Scissors: - see also, the webster 1913 definition for preciseness. May also want to check out shears for reference. Normally I'd include other entries on the same topic, but me thinks this w/u will be deleted long before the holy webster 1913's w/us are. He should be including ME, damnit!
History: The oldest finding of shears are from Emar, Capital of Astata, from the Fourteenth Century BCE. They were discovered by Jean-Claude Margueron. Following is a quote of Jean-Claude Margueron's findings, courtesay of J W Hughes:
"Besides ceramics, occasionally collected in large quantities, the houses produced stone and metallic objects illustrating both day-to-day needs and the activities of city merchants: beer filters; containers; arrow and javelin heads; scales of armor; needles and scissors; long nails; bronze scrapers; millstones; mortars; many kinds of grindstones; pestles; various tools; and stone rings."
In the Third Century B.C., the Egyptians had eloquent bronze shears. The design of the shears was obviously showing Greek influence, but the high degree of craftsmanship and a small dose of Egyptian innovation made these far superior. The Egyptians put a spring between the two shears and used them to clip wool from sheep.

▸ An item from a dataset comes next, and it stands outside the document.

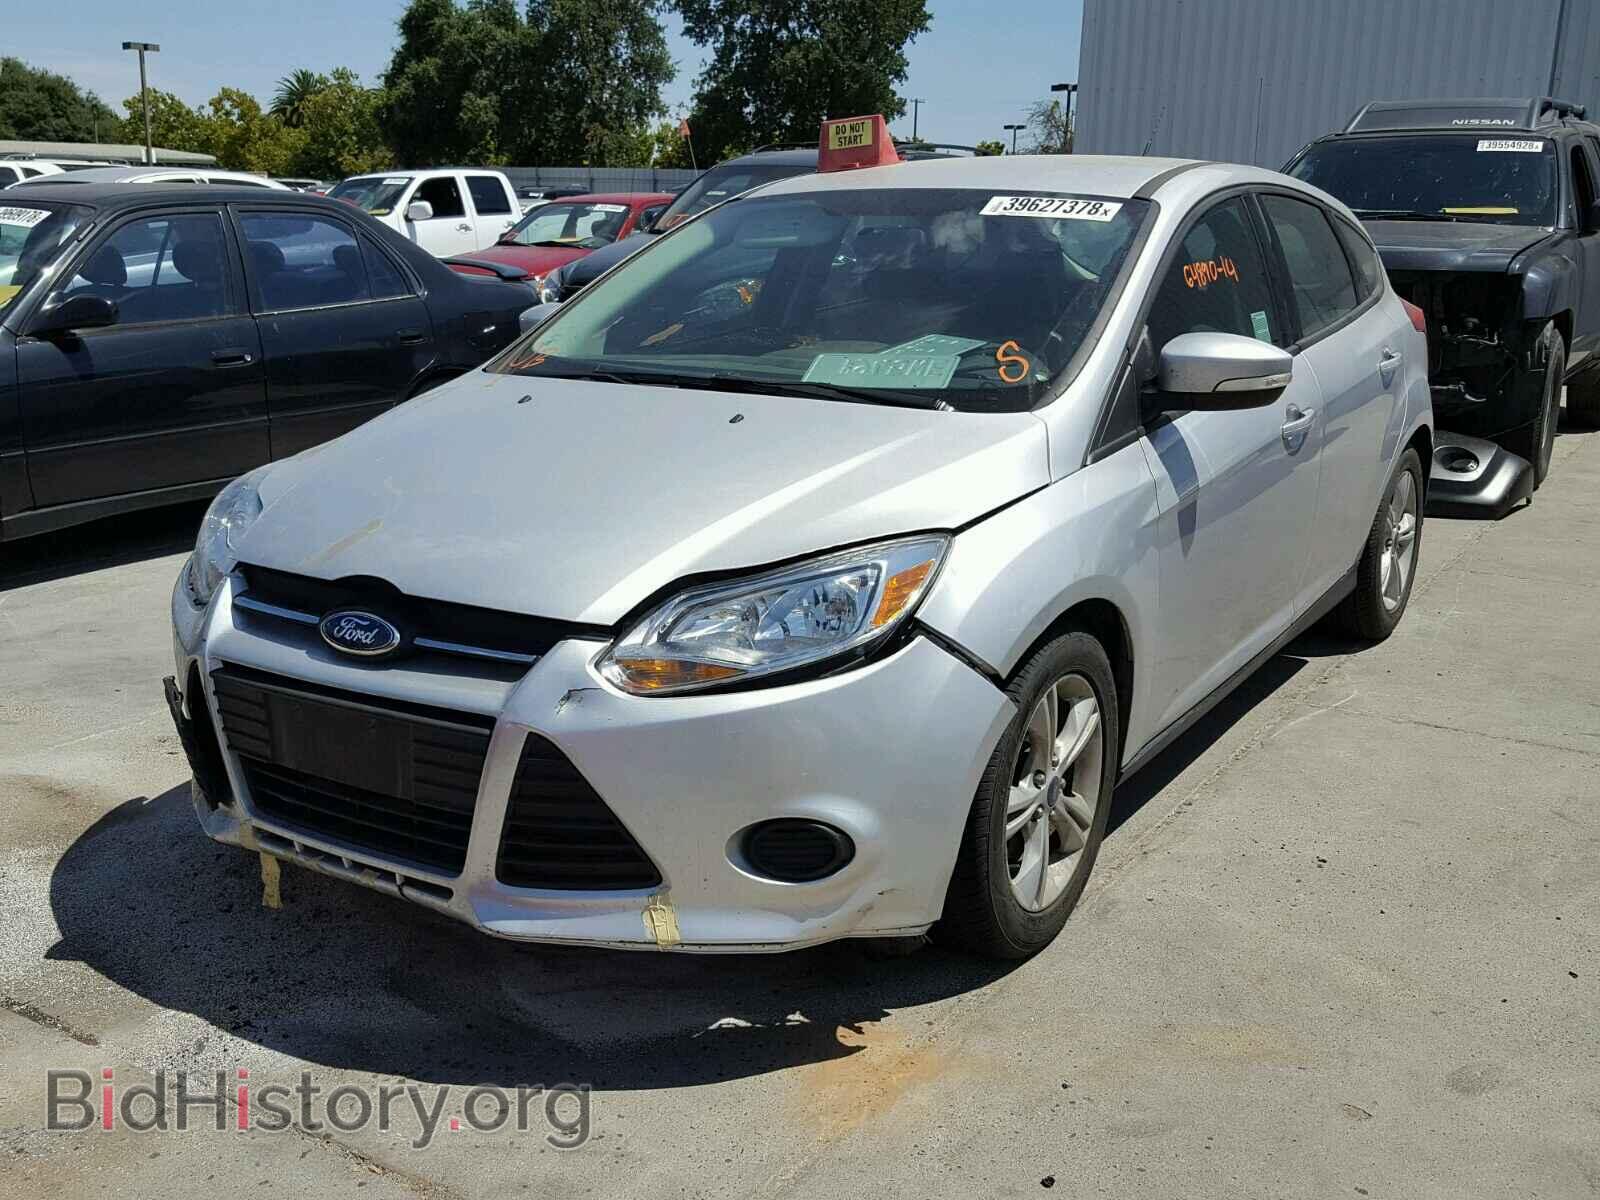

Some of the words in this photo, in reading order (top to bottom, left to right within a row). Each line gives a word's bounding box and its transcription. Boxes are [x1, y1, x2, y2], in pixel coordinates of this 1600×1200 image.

[835, 124, 847, 136] DO
[849, 121, 865, 134] NOT
[837, 134, 864, 147] START
[333, 616, 380, 645] Ford

In the First Century A.D. Sir Flinders Petrie was attributed as describing a simple "cross-bladed" shear, being used by the Romans.

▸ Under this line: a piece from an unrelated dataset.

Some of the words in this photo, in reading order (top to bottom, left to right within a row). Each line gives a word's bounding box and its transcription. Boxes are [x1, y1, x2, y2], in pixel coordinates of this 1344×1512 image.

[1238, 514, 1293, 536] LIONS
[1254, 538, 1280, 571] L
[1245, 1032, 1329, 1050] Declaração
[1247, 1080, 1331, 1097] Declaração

One of the first recorded mentionings of cross-blade scissors, however, was in the Fifth Century. The scribe Isidore of Seville described a cross-bladed shear, with a center pivot, used by barbers and tailors. These scissors did not gain widespread use in Europe until the 1600's. (One thousand years later!)

The Chinese and Japanese used varying types of paper-cutting devices in the early 10th century and onward, as a form of art and was not used for practical purposes.

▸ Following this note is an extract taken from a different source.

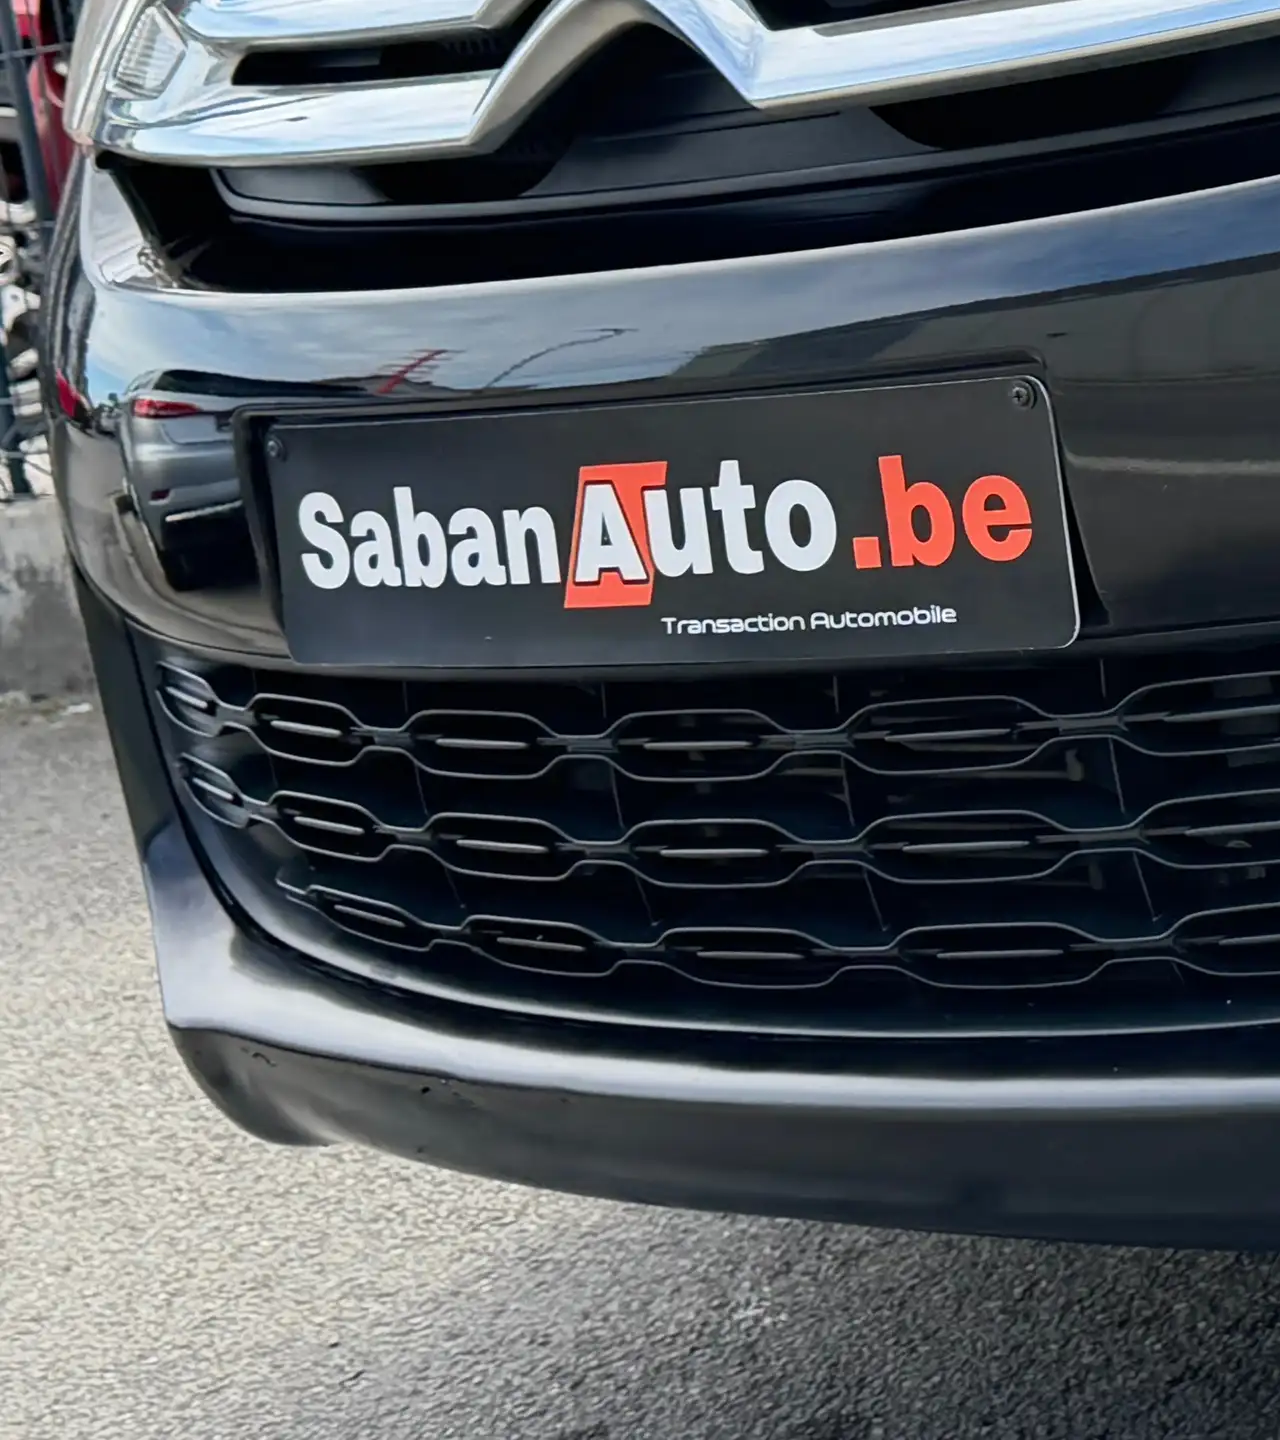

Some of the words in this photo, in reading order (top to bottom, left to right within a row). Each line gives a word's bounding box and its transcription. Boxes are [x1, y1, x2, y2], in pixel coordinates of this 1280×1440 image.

[298, 454, 1034, 596] SabanAuto.be
[660, 611, 806, 636] Transaction
[809, 603, 958, 632] Automobile

In 1761, the first modern cast-steel scissors were invented in England by Robert Hinchliffe.

Shears and Scissors were never patented, but Pinking Shears were in 1893 by a Louise Austin.

Shears vs. Scissors: Cletus the Foetus asks this good question, and upon reviewing my old text, I realize I made a misleading set of statements. They have been fixed. Shears are hinged at the base, at only one end; one would hold it like one holds a stapler in their hand, and shearing is done by squeezing the blades together. The Egyptians, as I noted above, put a spring in there to allow quick and effecient shearing action.

Much later (when exactly is not know, but I do mention some dates above) the cross-bladed shears appeared. These are now known as scissors. They are essentially shears, with the pivot at the middle instead of towards the end of the blades. Handles were also added. This removes the need for a spring, and puts the force of leverage at your side.

The Phrase: "Don't Run with Scissors" is a phrase heard in households everywhere from your Mom. "Running with Scissors" is also the title of a Weird Al album. (Thanks, p_i!)

The Game: Known throughout many countries in countless variations, the North American-titled "Paper, Rock, Scissors" is enjoyed by one and all. But that's a whole other node in it's own.

Fun Scissors Facts: /msg me with any fun scissor facts you may have
Sources: about.com gives special thanks to "J W Hughes" for their research. Also got details from "The Story of Scissors" by J. Wiss & Sons, and got a few tidbits from several websites.

Scis"sors (?), n. pl. [OE. sisoures, OF. cisoires (cf. F. ciseaux), probably fr. LL. cisorium a cutting instrument, fr. L. caedere to cut. Cf. Chisel, Concise. The modern spelling is due to a mistaken derivation from L. scissor one who cleaves or divides, fr. scindere, scissum, to cut, spilt.]

A cutting instrument resembling shears, but smaller, consisting of two cutting blades with handles, movable on a pin in the center, by which they are held together. Often called a pair of scissors.

[Formerly written also cisors, cizars, and scissars.]

Scissors grinder Zool., the European goatsucker. [Prov. Eng.]

 

© Webster 1913.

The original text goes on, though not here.